PROBLEM DETAILS: Reproduce the data that follows character for character, but omit its pictures.

--- SUPPLIED RECORDS Enclosed Below ---

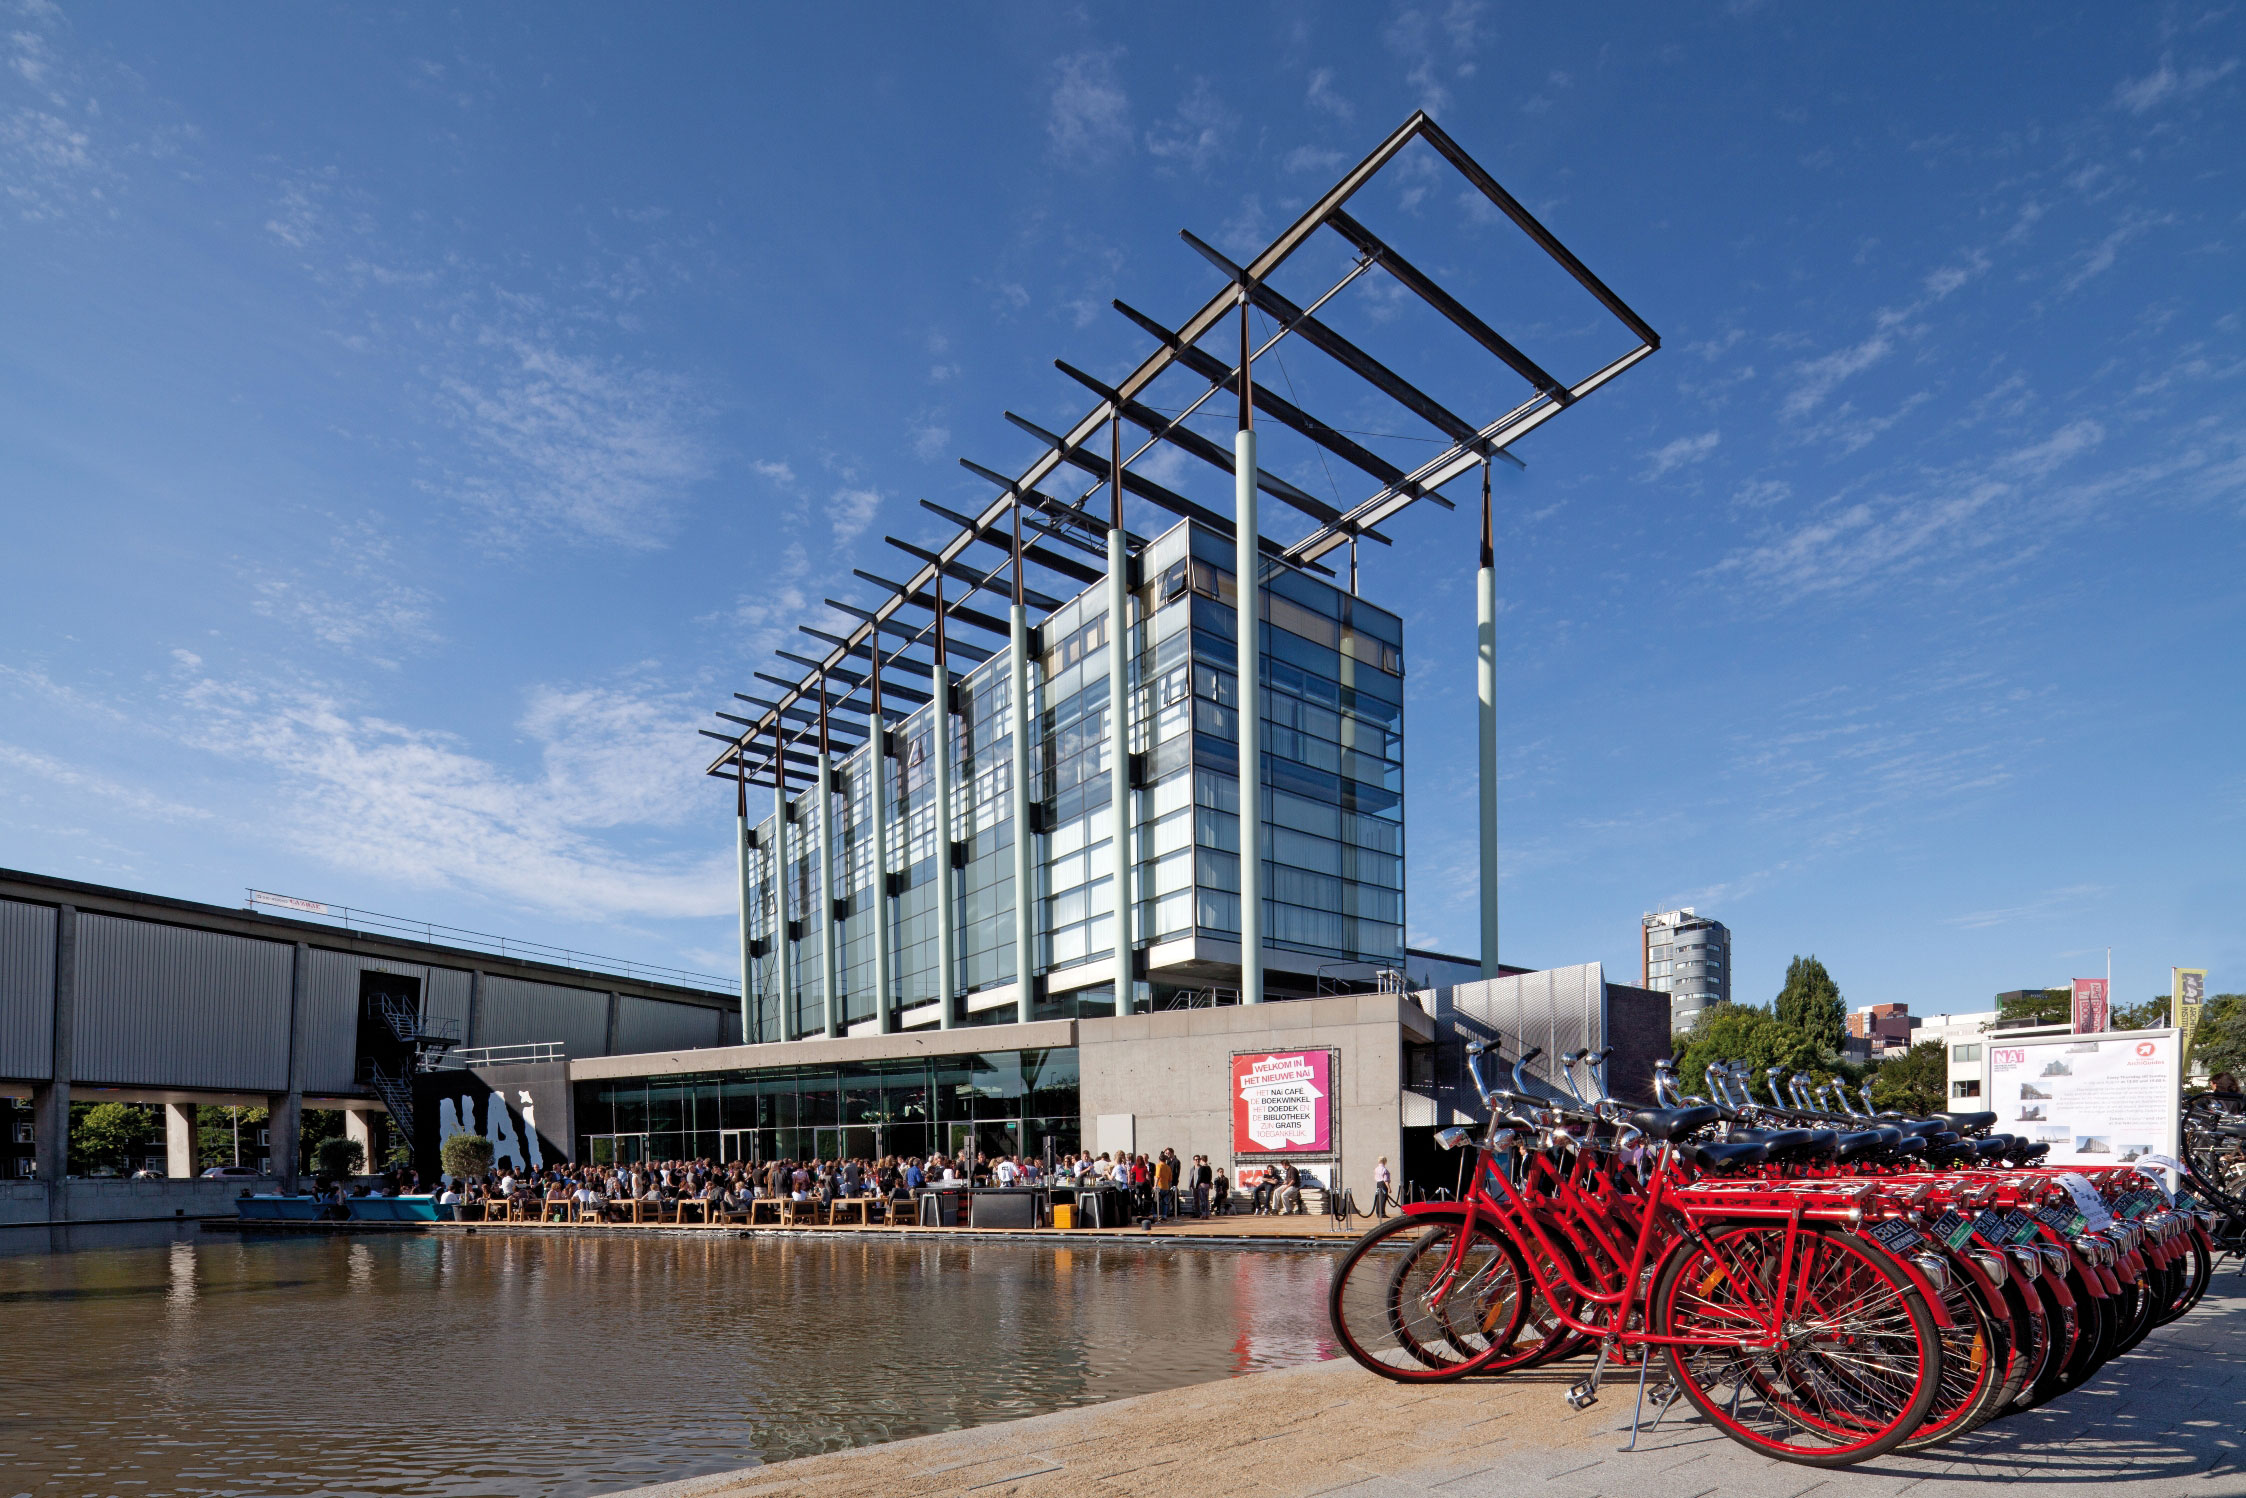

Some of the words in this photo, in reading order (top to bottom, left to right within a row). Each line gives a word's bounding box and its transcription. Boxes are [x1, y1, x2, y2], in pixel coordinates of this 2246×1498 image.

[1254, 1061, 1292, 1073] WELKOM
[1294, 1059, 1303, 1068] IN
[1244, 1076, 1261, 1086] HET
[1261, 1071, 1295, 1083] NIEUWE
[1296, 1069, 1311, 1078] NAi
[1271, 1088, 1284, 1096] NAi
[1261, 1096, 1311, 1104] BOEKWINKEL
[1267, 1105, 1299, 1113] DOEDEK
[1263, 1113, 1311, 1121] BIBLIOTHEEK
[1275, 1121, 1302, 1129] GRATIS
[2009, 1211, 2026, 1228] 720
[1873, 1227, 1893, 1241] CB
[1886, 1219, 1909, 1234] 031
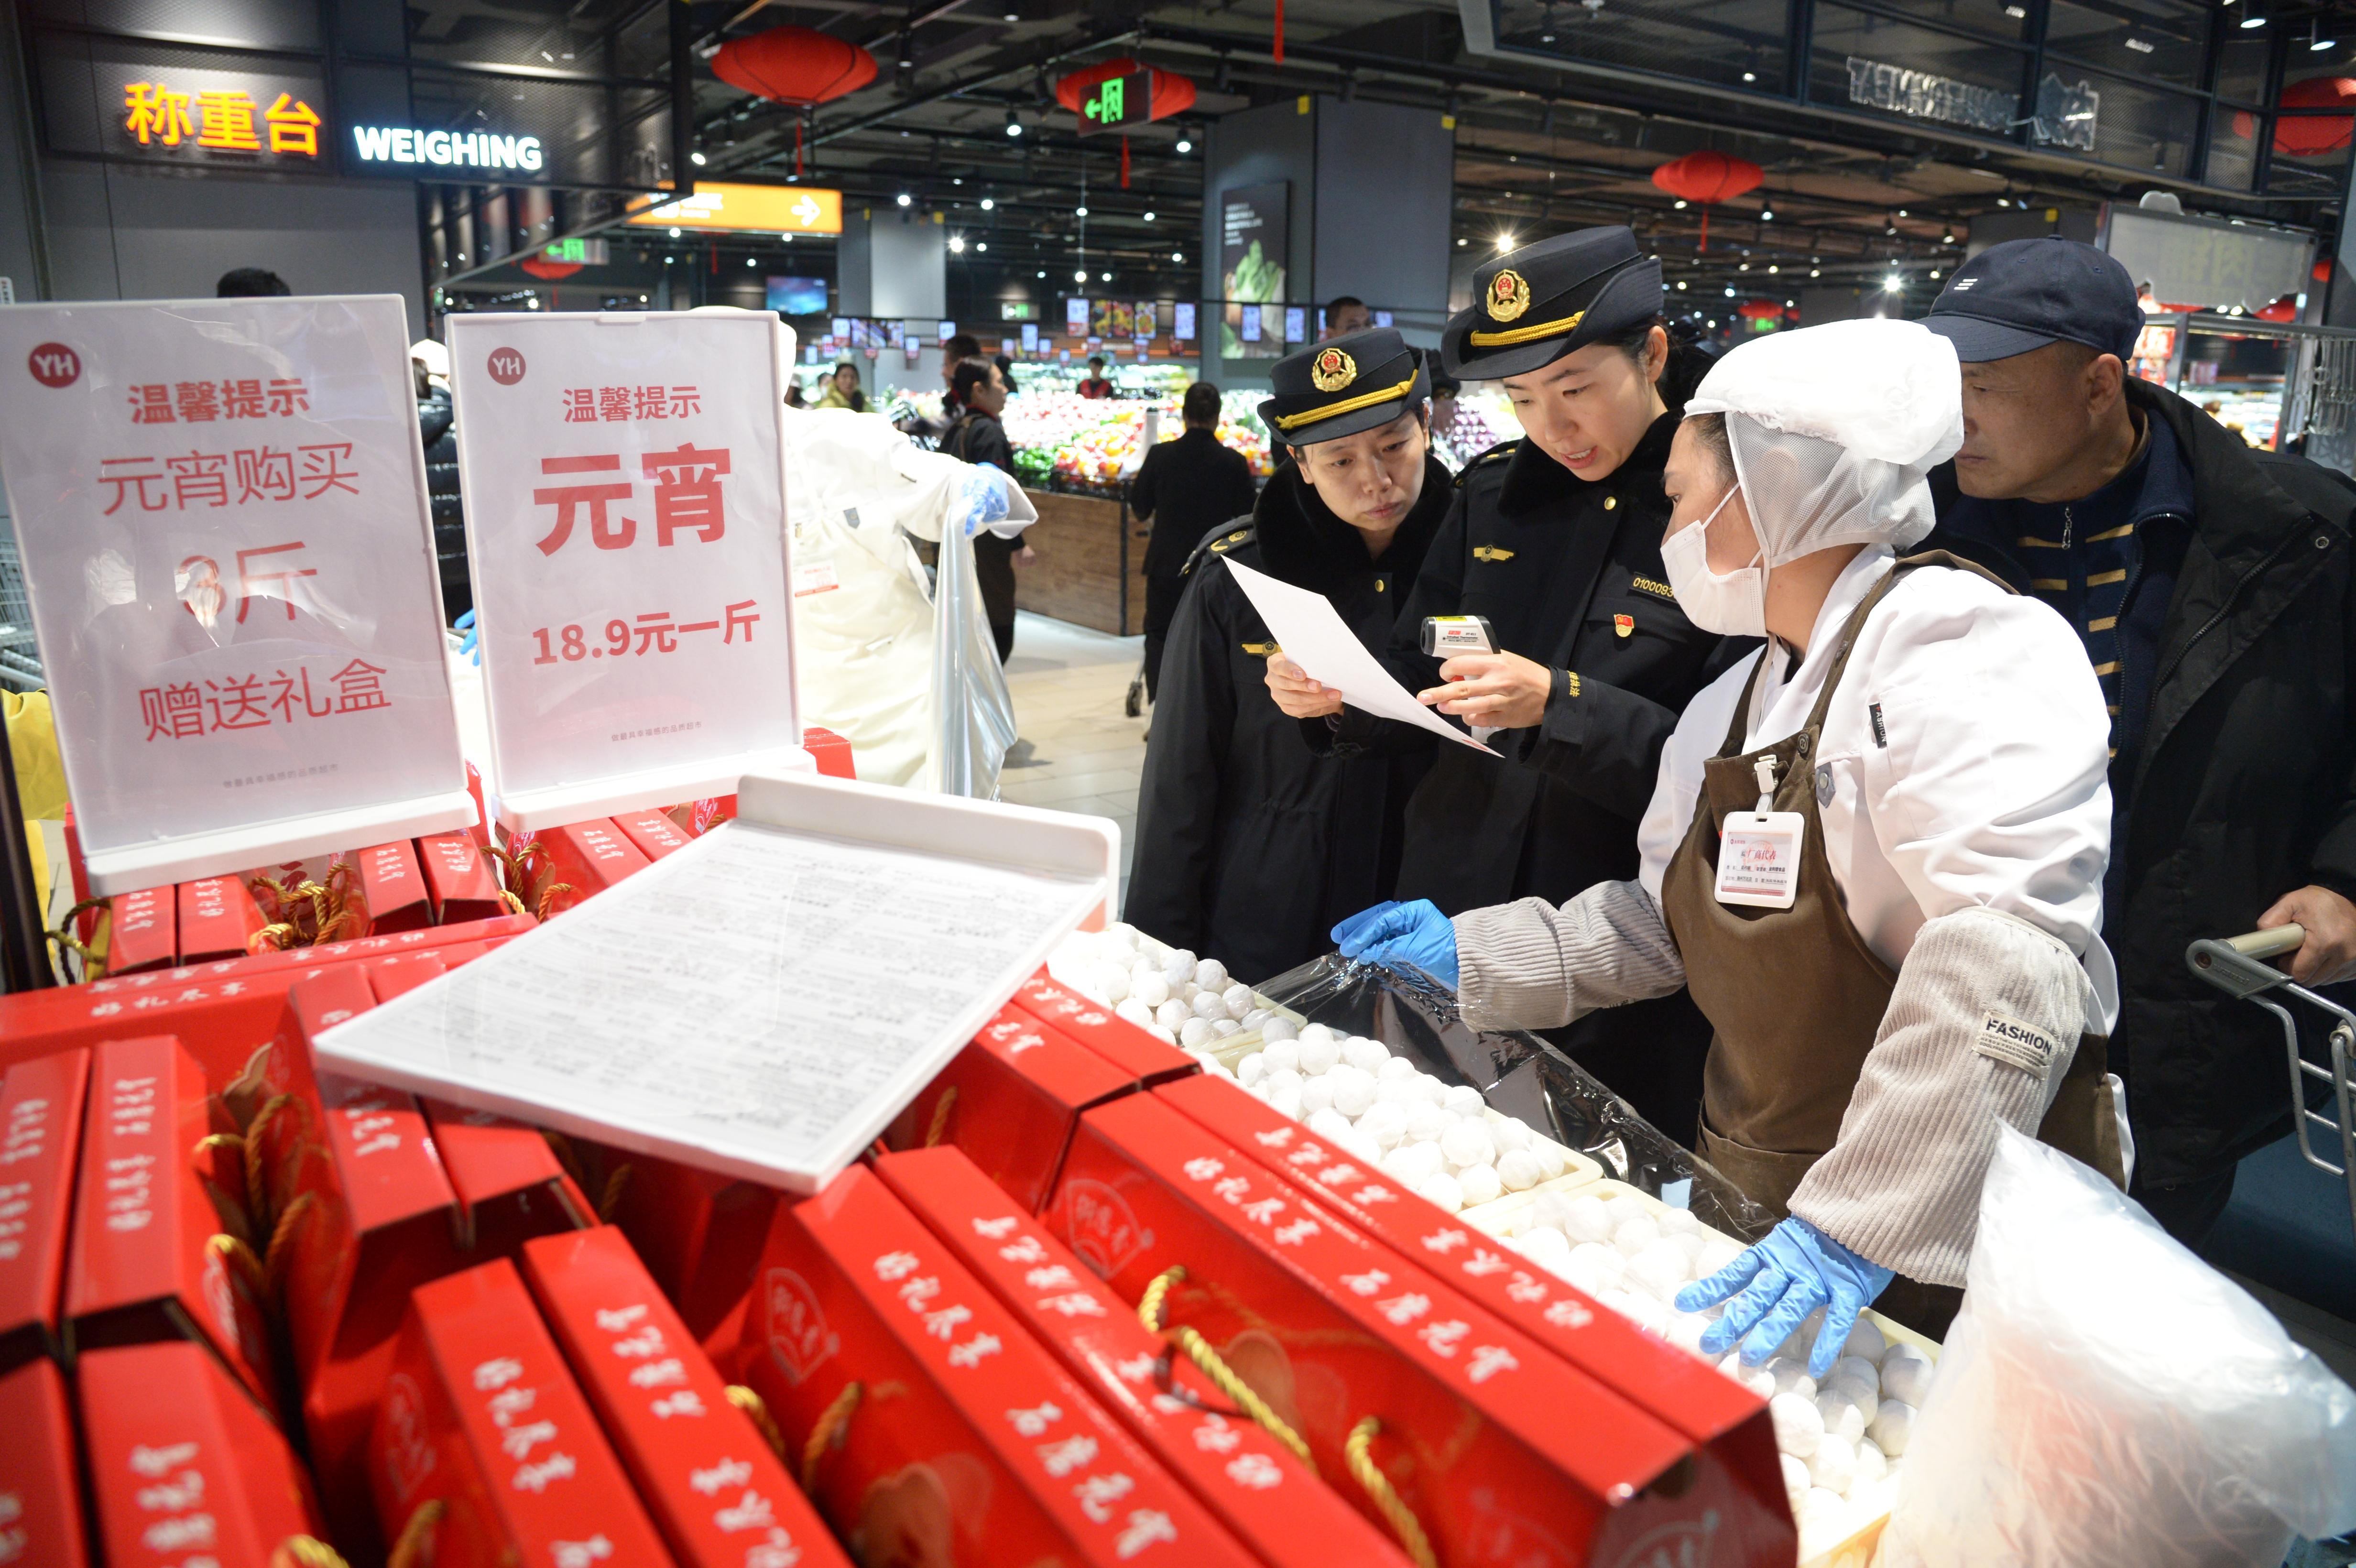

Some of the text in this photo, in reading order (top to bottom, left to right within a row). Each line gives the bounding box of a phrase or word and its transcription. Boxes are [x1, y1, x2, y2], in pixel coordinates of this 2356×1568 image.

--- End of Enclosed SUPPLIED RECORDS ---

OUTPUT OF THE TASK:
Some of the words in this photo, in reading order (top to bottom, left to right within a row). Each line gives a word's bounding box and its transcription. Boxes are [x1, y1, x2, y2], in pixel coordinates of this 2246×1498 image.

[1254, 1061, 1292, 1073] WELKOM
[1294, 1059, 1303, 1068] IN
[1244, 1076, 1261, 1086] HET
[1261, 1071, 1295, 1083] NIEUWE
[1296, 1069, 1311, 1078] NAi
[1271, 1088, 1284, 1096] NAi
[1261, 1096, 1311, 1104] BOEKWINKEL
[1267, 1105, 1299, 1113] DOEDEK
[1263, 1113, 1311, 1121] BIBLIOTHEEK
[1275, 1121, 1302, 1129] GRATIS
[2009, 1211, 2026, 1228] 720
[1873, 1227, 1893, 1241] CB
[1886, 1219, 1909, 1234] 031

Some of the text in this photo, in reading order (top to bottom, left to right within a row). Each line gives the bounding box of a phrase or word and its transcription. Boxes are [x1, y1, x2, y2], in pixel coordinates of this 2356×1568 image.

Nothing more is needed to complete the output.